#### Data to examine ####

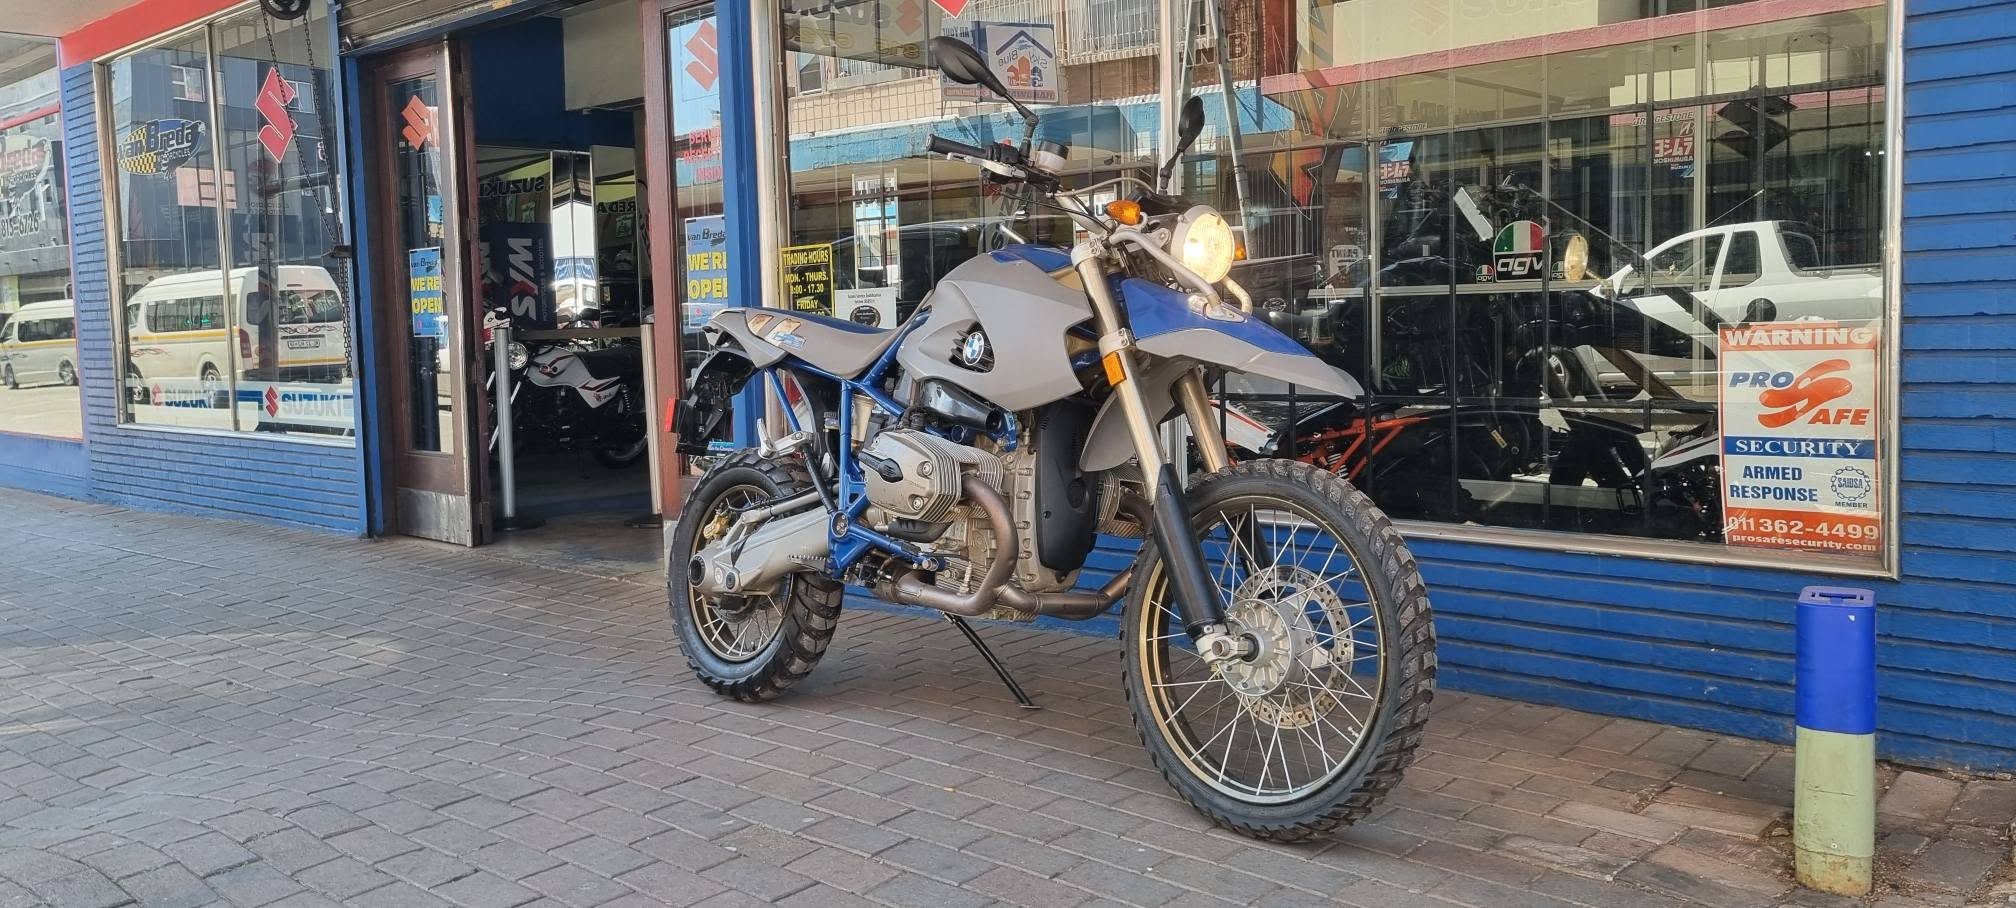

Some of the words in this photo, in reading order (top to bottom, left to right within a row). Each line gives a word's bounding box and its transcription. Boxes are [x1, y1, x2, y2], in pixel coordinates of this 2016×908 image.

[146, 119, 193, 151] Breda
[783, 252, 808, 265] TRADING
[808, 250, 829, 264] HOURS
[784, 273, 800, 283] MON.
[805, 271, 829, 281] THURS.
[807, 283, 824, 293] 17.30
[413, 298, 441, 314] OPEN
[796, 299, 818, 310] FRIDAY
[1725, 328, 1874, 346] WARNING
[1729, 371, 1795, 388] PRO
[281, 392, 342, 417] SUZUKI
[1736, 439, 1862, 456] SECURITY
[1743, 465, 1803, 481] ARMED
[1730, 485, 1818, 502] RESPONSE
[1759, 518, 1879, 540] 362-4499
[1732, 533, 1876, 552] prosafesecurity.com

####

Your copy must hold every record above in its exact wording and must hold no pictures.

Some of the words in this photo, in reading order (top to bottom, left to right within a row). Each line gives a word's bounding box and its transcription. Boxes are [x1, y1, x2, y2], in pixel coordinates of this 2016×908 image.

[146, 119, 193, 151] Breda
[783, 252, 808, 265] TRADING
[808, 250, 829, 264] HOURS
[784, 273, 800, 283] MON.
[805, 271, 829, 281] THURS.
[807, 283, 824, 293] 17.30
[413, 298, 441, 314] OPEN
[796, 299, 818, 310] FRIDAY
[1725, 328, 1874, 346] WARNING
[1729, 371, 1795, 388] PRO
[281, 392, 342, 417] SUZUKI
[1736, 439, 1862, 456] SECURITY
[1743, 465, 1803, 481] ARMED
[1730, 485, 1818, 502] RESPONSE
[1759, 518, 1879, 540] 362-4499
[1732, 533, 1876, 552] prosafesecurity.com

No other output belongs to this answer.